VCS names in import paths

In other languages it is quite common to ensure your package has a unique namespace by prefixing it with your company name, say com.sun.misc.Unsafe. If everyone only writes packages corresponding to domains that they control, then there is little possibility of a collision.

In Go, the convention is to include the location of the source code in the package’s import path, ie


However there are several important points to remember:

  1. This is not required by the language, it is just a feature of go get.
    go get recognises paths that start with known code hosting sites, Github, Bitbucket, Google code, and knows how to convert the import path of the package (not the name) into the correct command to check out the code.
  2. By following this convention you can point go get at some source code you have in your $GOPATH and it will recursively fetch any required packages. You can even have it fetch all the source code by calling go get import/path.
    This has turned out to be a very simple way of distributing Go programs.
  3. This does not mean that you need to be online to use the Go compiler, or that you need to have made your project public. Remember, the naming of packages is only an aide to go get, and go get is an optional command.

Sample repositories

With this background in place, I’m going to walk through some examples of the various types, or styles, of Go projects. Hopefully by studying them you will understand how to structure your projects in a way that interoperates well with others.

A single package

The simplest example of a Go project is a repository that contains only one package. The example I have chosen is Keith Rarick’s fs package, https://github.com/kr/fs.

This is the simplest Go project, a single package with the code at the root of the repository. The import path for this project would be

import "github.com/kr/fs"

Multiple packages

The next logical step after creating a repository containing a single package is a more complicated project with multiple packages in a single repository.

I’ve chosen my own term project, https://github.com/pkg/term, which contains two packges, github.com/pkg/term, and github.com/pkg/term/termios, containing syscalls to handle the various termios(3) syscalls.

Even though Go does not have a notion of sub packages, term and term/termios live in the same repository. I could have created two projects, https://github.com/pkg/term and https://github.com/pkg/termios, but as they are closely related, it made sense to place the source for both packages in the same Github repository.

To use this project, you would import it with

import "github.com/pkg/term"

A command

godep, https://github.com/tools/godep, is an example of a repository containing one command package at its root.

Because the source for this package declares it to be in package main when compiled the program will appear as $GOPATH/bin/godep.

% go get -v github.com/tools/godep
github.com/tools/godep (download)

A command and a package

The fourth example shows how to structure a Go project that includes shared logic in a package, and a command which uses that logic. The project I have chosen is the platinum searcher by Monochromegane, https://github.com/monochromegane/the_platinum_searcher, an excellent replacement for ack or ag written in pure Go.
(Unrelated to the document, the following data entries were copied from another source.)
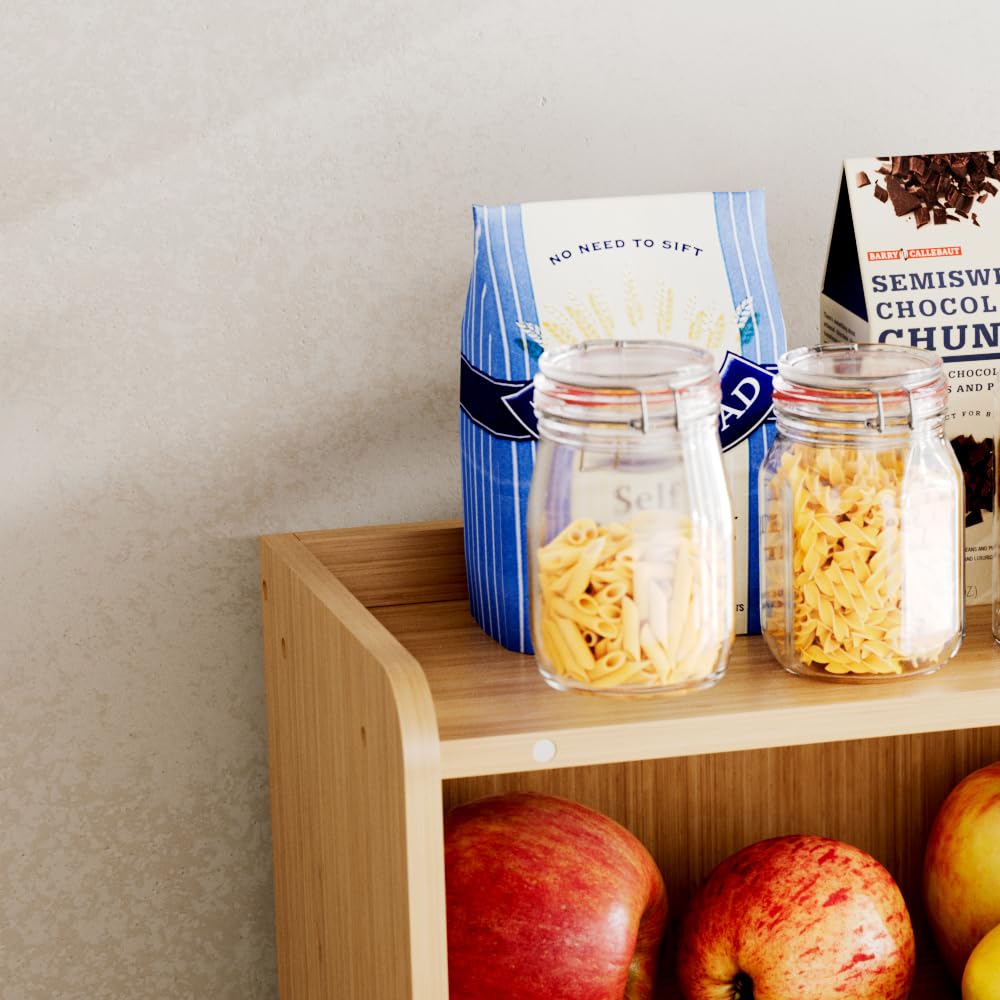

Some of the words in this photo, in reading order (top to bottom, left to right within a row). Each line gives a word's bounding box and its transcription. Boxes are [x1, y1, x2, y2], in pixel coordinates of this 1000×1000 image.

[548, 250, 573, 266] NO
[577, 239, 626, 255] NEED
[632, 238, 655, 249] TO
[661, 240, 705, 257] SIFT
[869, 250, 899, 261] BARRY
[909, 247, 961, 258] CALLEBAUT
[956, 383, 983, 393] AND
At the root of the project is the the_platinum_searcher package (this does break the prohibition on punctuation in package names) containing the logic. In the cmd/pt subdirectory is the main package. Using the globbing feature of go get installing pt is simply

% go get -u github.com/monochromegane/the_platinum_searcher/...

This is not the only way to lay out this style of package. Other examples may place the command, package main, at the root of the repository and the packages containing the logic of the project in a subdirectory. An example of this is Steve Francia’s Hugo, https://github.com/spf13/hugo.

In both examples the intention is to keep as much logic out of the command, as commands cannot be imported by other packages, limiting the reuse of code inside main packages.

Multiple commands and multiple packages

The final example, the go.tools subrepo, https://code.google.com/p/go/source/browse/?repo=tools, combines all of the above.

The tools repo contains many Go packages, and a burgeoning cmd subdirectory of Go programs. As a resource of well written, contemporary, Go code, you could do far worse.